Sun was acquired by Oracle Corporation for US$7.4 billion, based on an agreement signed on April 20, 2009.
Normally it is not the biggest issue when a website is down. But in case of Oracle it is a different situation. Oracle is an American multinational computer technology corporation that specializes in developing and marketing hardware systems and enterprise software products — particularly database management systems. Headquartered in Redwood Shores, California, United States and employing 105,000 people worldwide as of 1 July 2010 it has enlarged its share of the software market through organic growth and through a number of high-profile acquisitions. By 2007 Oracle had the third-largest software revenue, after Microsoft and IBM.
Being half a day down can cost Oracle millions because the reputation gets hurt.
A company like Oracle should have redundant systems in case main servers are going down.
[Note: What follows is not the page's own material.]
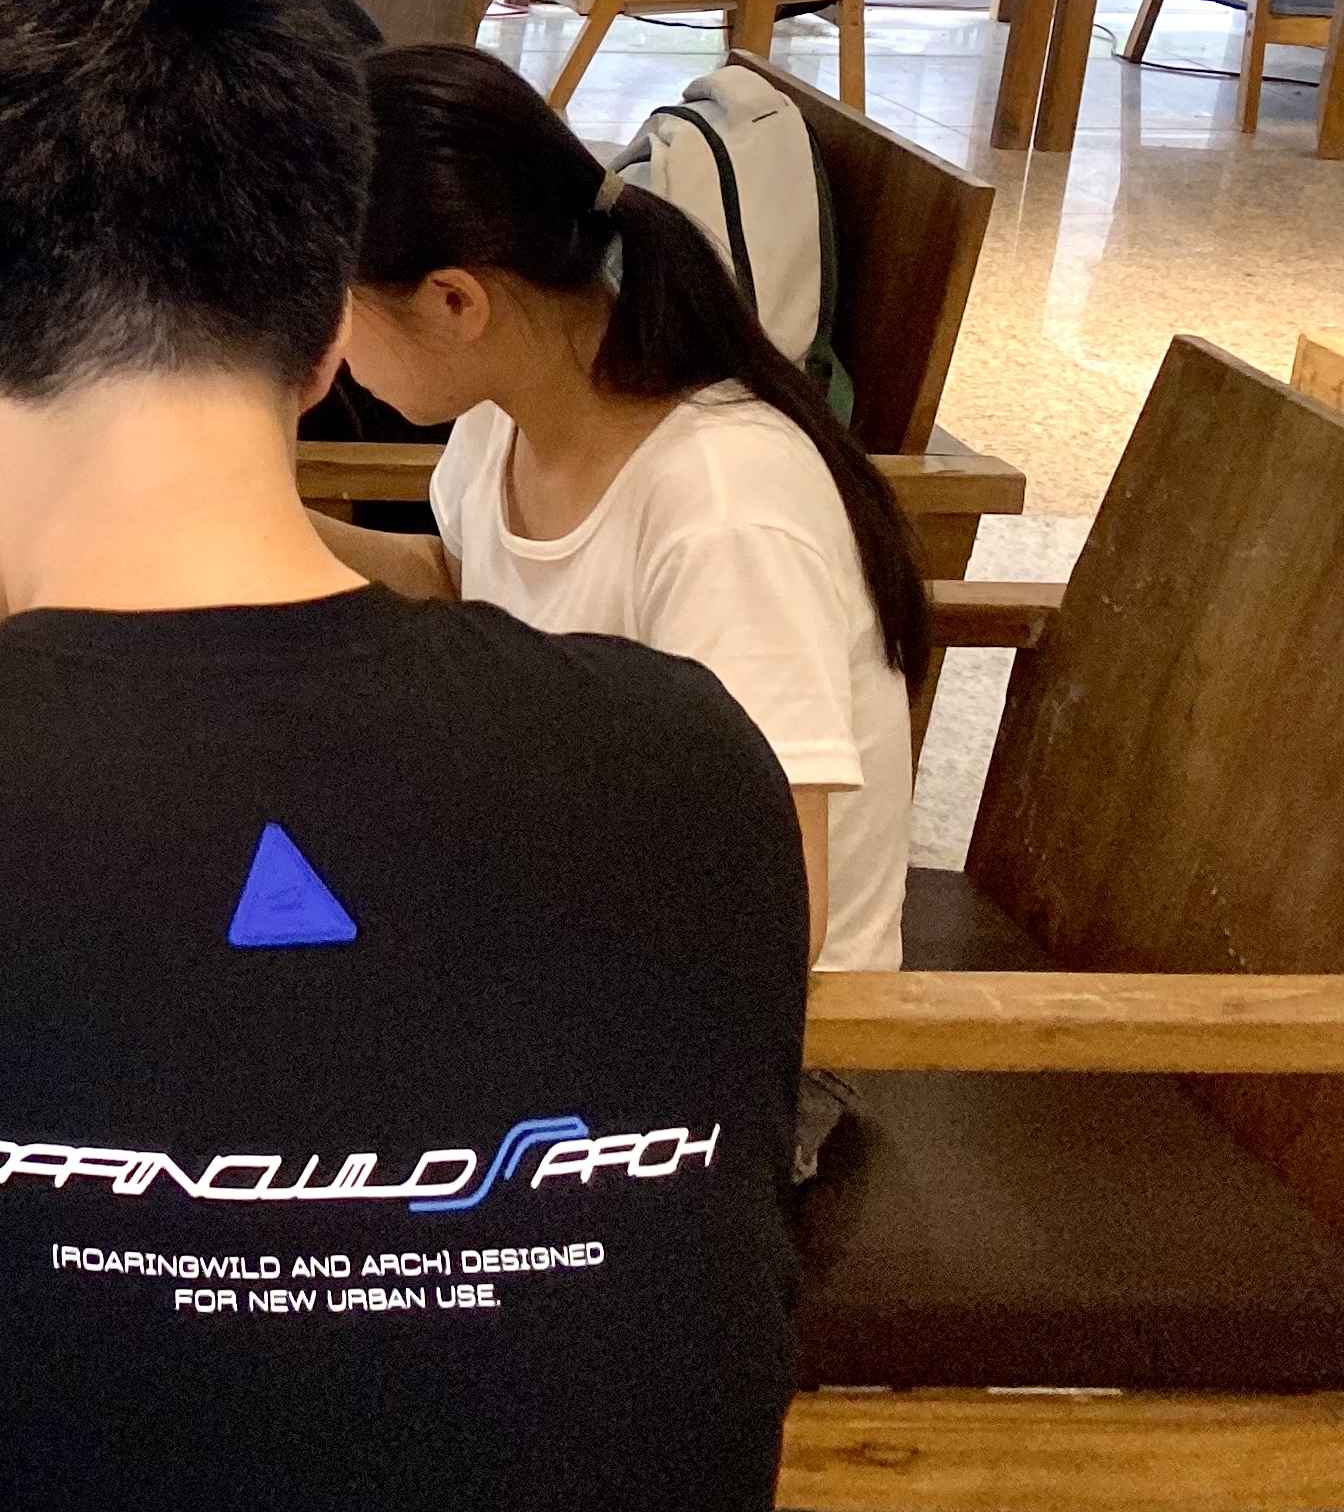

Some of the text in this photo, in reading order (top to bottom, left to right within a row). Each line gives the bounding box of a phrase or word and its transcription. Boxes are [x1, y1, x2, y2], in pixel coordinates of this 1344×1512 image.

[291, 1254, 351, 1279] AND
[460, 1241, 605, 1274] DESIGNED
[174, 1283, 501, 1313] FOR NEW URBAN USE.
I work at a much smaller company, but even we have all our servers not only in clusters but as well mirrored and constant backup. If main cluster falls out our redundant system will jump in within minutes and if they are going down, then we can boot up our backup system within 30 minutes. To ensure we will never have a down time, all three systems are in different physical locations.
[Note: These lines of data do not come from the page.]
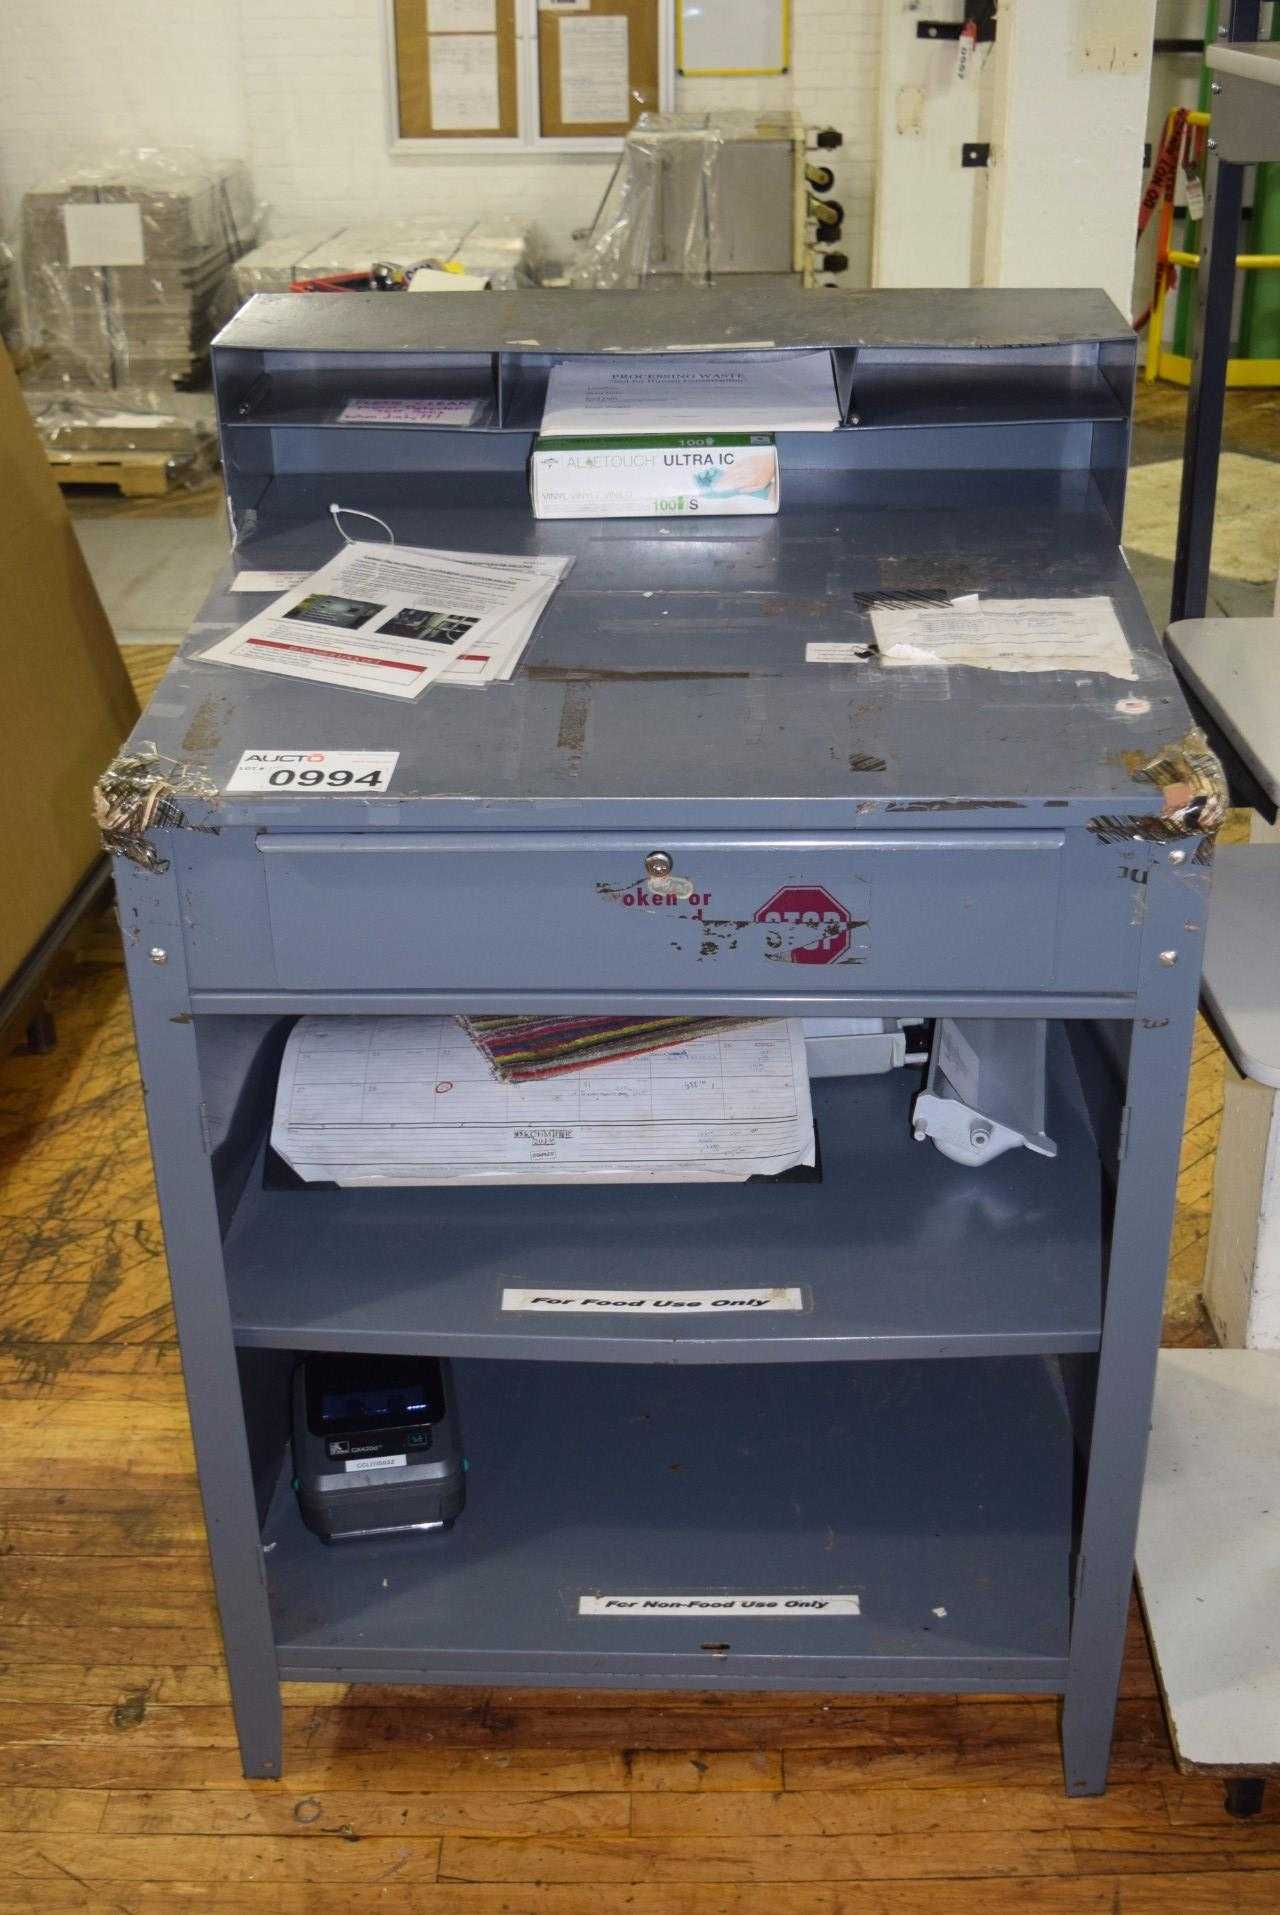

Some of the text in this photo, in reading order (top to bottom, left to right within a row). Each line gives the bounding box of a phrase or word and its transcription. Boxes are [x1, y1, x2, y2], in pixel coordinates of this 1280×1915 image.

[663, 453, 714, 467] ULTRA
[719, 453, 735, 466] IC
[269, 769, 383, 788] 0994
[688, 891, 712, 906] or
[530, 1296, 770, 1308] For Food Use Only
[605, 1599, 830, 1609] For Non-Food Use Only
What ever happened at Oracle, it did not seems that their Sun Microsystems platforms did follow such security measure.
It is interesting that only the Sun free products were down, which could tell us something much more. Maybe Oracle does not care so much anymore about free products like java or openoffice.org, but if so let people know.
In 2009 we had in average 30.000 java developers here in the states and the numbers this year will be still far over 20.000.
i am pretty sure companies like SAP (their systems are using java) and Google (Developers write primarily their Android apps in the Java language) are not happy about this outage.
Oracle is one of the four biggest CRM providers and offers like Salesforce.com SaaS model. Imagine you have a company with 2,000 sales people and your CRM is down for hours or even days and maybe some data got lost only because your SaaS provider went down?
Obviously this will not happen with Oracle CRM or other Oracle paid services. I was looking for comments from Oracle during and after the outage of oppenoffice.org but did not find anything.
Apache does own openoffice.org since three weeks (1 June 2011: In an announcement made today, Oracle has donated the OpenOffice.org project to the Apache Software Foundation. The proposal calls for OpenOffice.org to be established as an incubator project.), maybe Oracle did try to move the servers to Apache and this went into an outage, but then I am not sure why java.net was down.
The only info I saw from java.net was on top of the page a red banner with apology that netbeans, openoffice and kenai.com are down.
Netbeans.org down is pretty bad. I called Oracle, and actually I was in a 25 minutes waiting line to land at the end to a message saying that at the moment my call can't go through.
The second time I came through but got as an answer that the service will be shortly running again, with not comment on what happened. I explained that I am a paying oracle customer and that I am worried, but I guess, i am such a small customer that they don't care.
Oracle tag line might not be a good fit at the moment.
Engineered to work together as long it is not free.
Sorry java developers, you might need to face the future and move to .net or objective C.